Although bands like Poiushchie Gitary (Singing Guitars), Veselye Rebiata (The Jolly Lads), Golubye Gitary (Blue Guitars), Ariel, Samotsvety (The Semi-Precious Stones), Plamia (The Flame) were currently making a parody of the rock they used to play, they became quite fashionable among blue-collar kids in Russia, likewise as elsewhere within the Soviet Union.

Amateur bands that didn't wish to sell out found it increasingly troublesome to secure house for rehearsals and venues during which to perform. Several of the rock musicians were invited into the offices of the KGB equipment chargeable for ‘curating’ youth music, and were suggested to tone down the social criticism in their lyrics, to reduce the volume of their amplifiers and to purge their music of any spiritual overtones.

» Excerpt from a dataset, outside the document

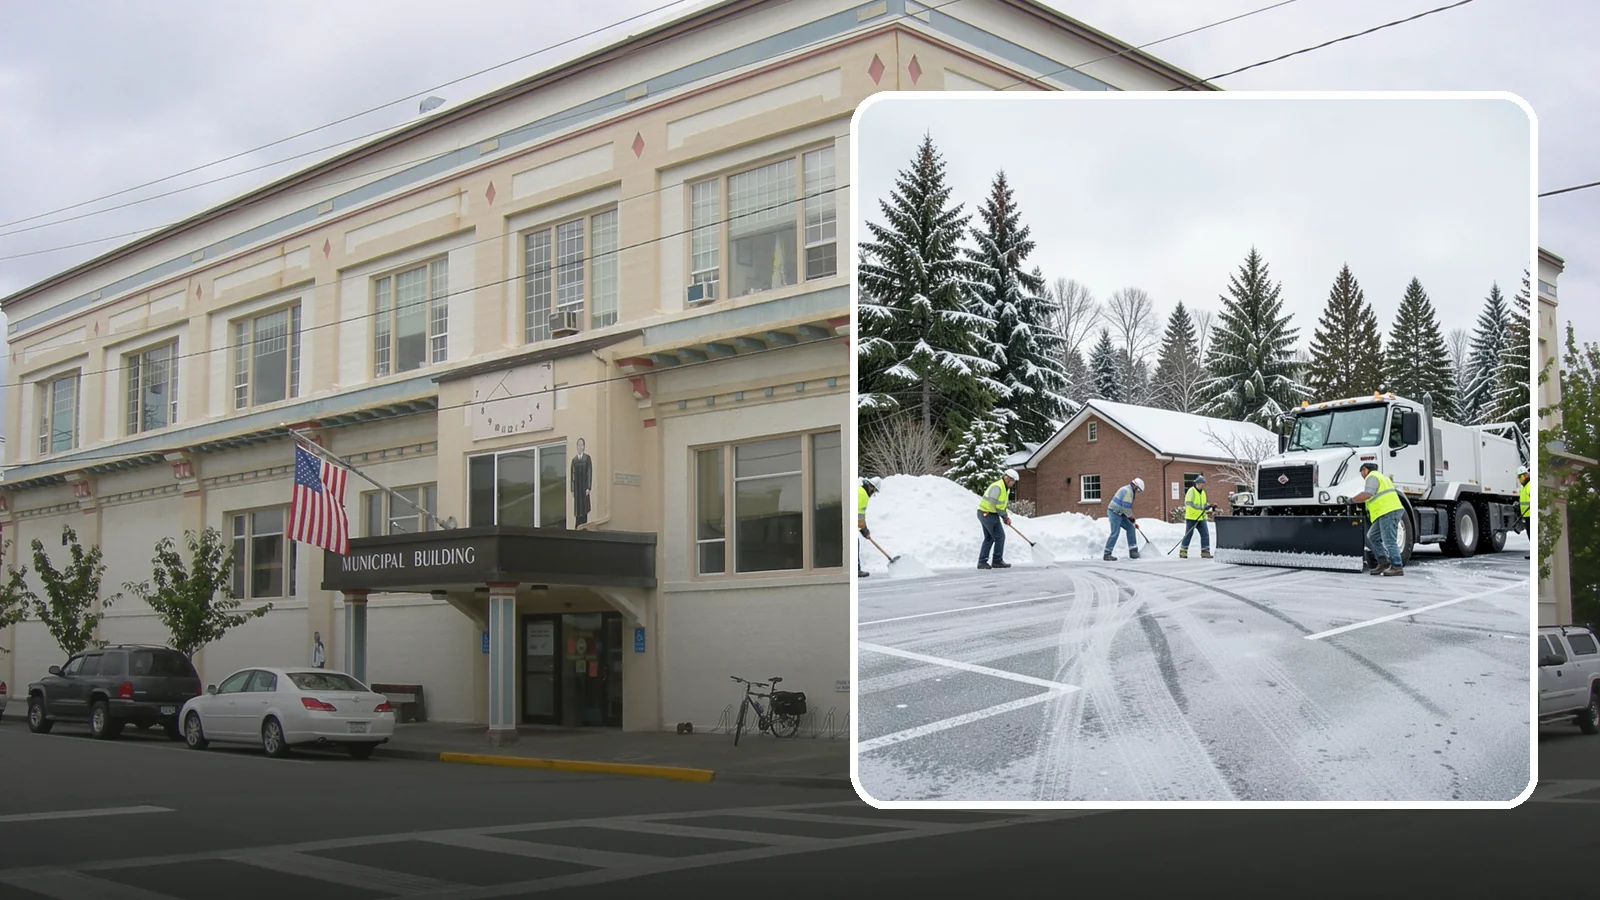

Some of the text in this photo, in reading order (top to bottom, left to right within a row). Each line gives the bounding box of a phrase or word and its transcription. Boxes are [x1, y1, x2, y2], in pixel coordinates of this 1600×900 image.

[529, 414, 533, 422] 3
[342, 546, 475, 572] MUNICIPAL BUILDING

The finish of the primary amount of rock music coincided with a significant modification within the ideological climate of the country when the cultural ‘thaw’ ushered in by Khrushchev came to an end in 1964 together with his dismissal because the leader of the Soviet Union. The rather more conservative and cautious new General Secretary of the Communist Party, Leonid Brezhnev, who ruled till 1982, is remembered for making within the Soviet Union an environment of cultural and economic stagnation, a amount freed from brutal Stalinist excesses, however a amount additionally of tight ideological management over all aspects of Soviet life. This was a amount of the intensification of anti-Western propaganda, the escalation of the Cold War, and of a severe clamp down on the political dissenters, artists and musicians who deviated from the Party line. For kids the Brezhnev era, that spanned the complete Nineteen Seventies, was marked by a tragic isolation from their Western peers and by a hopeless feeling of boredom.